■ The task ■
Copy out each entry below verbatim, skipping the images.

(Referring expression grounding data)
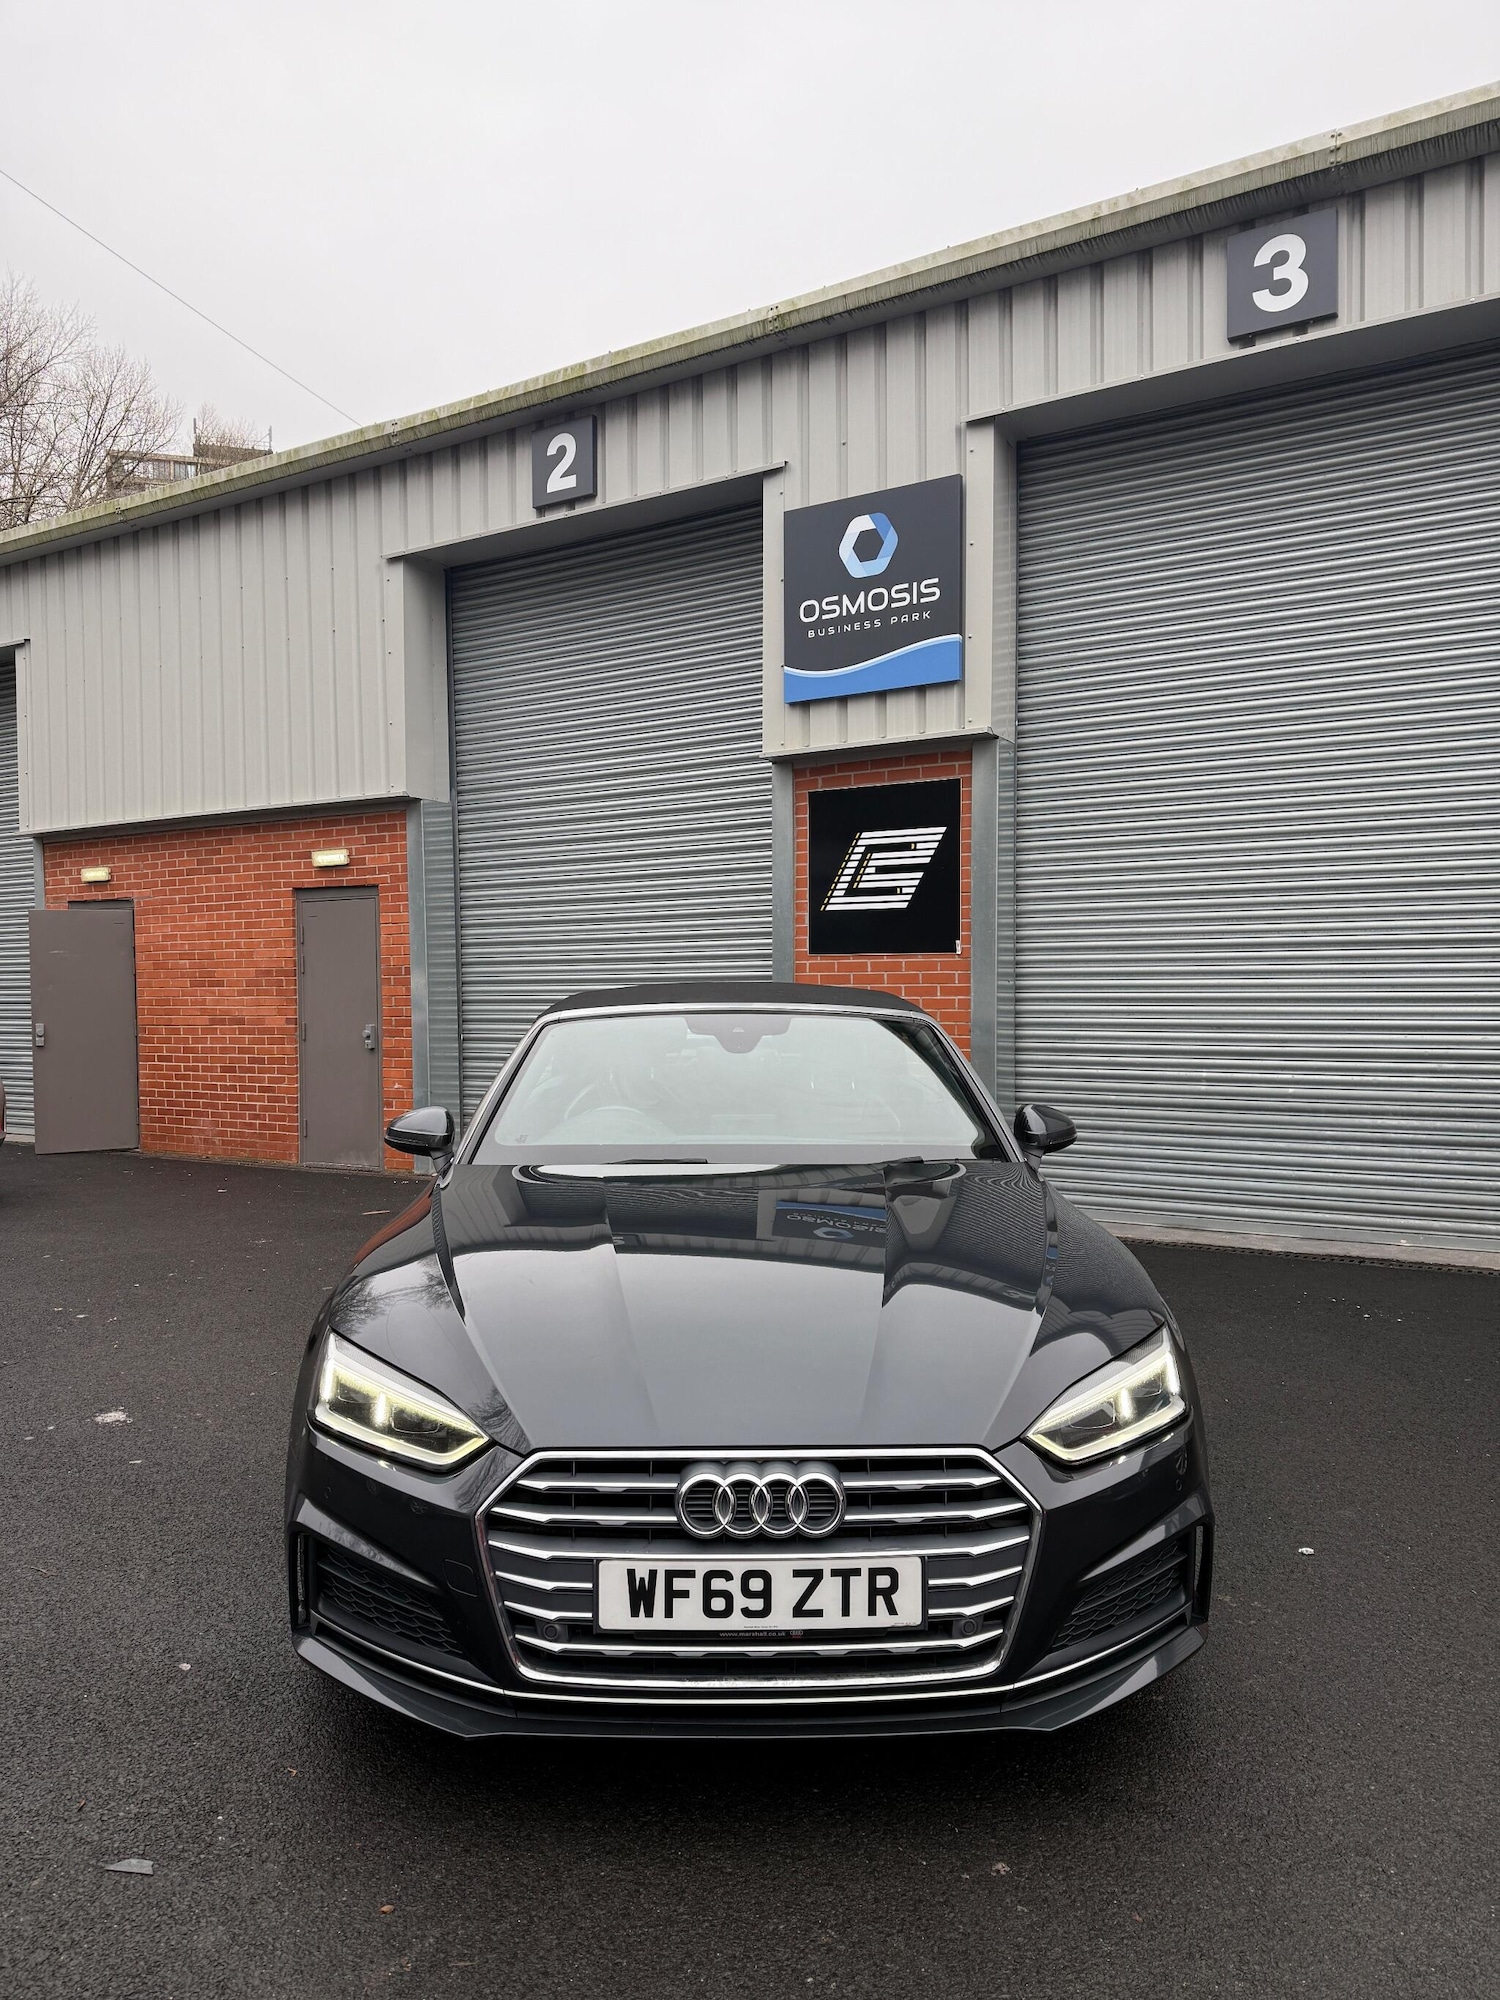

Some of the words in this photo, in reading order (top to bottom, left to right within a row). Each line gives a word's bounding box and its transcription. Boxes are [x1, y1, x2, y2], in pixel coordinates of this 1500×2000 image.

[1252, 233, 1309, 313] 3
[546, 432, 577, 494] 2
[799, 577, 941, 623] OSMOSIS
[807, 618, 882, 638] BUSINESS
[890, 610, 931, 625] PARK
[626, 1568, 772, 1619] WF69
[792, 1566, 899, 1618] ZTR
[719, 1630, 786, 1638] www.marshall.co.uk

■ Answer to the exercise ■
Some of the words in this photo, in reading order (top to bottom, left to right within a row). Each line gives a word's bounding box and its transcription. Boxes are [x1, y1, x2, y2], in pixel coordinates of this 1500×2000 image.

[1252, 233, 1309, 313] 3
[546, 432, 577, 494] 2
[799, 577, 941, 623] OSMOSIS
[807, 618, 882, 638] BUSINESS
[890, 610, 931, 625] PARK
[626, 1568, 772, 1619] WF69
[792, 1566, 899, 1618] ZTR
[719, 1630, 786, 1638] www.marshall.co.uk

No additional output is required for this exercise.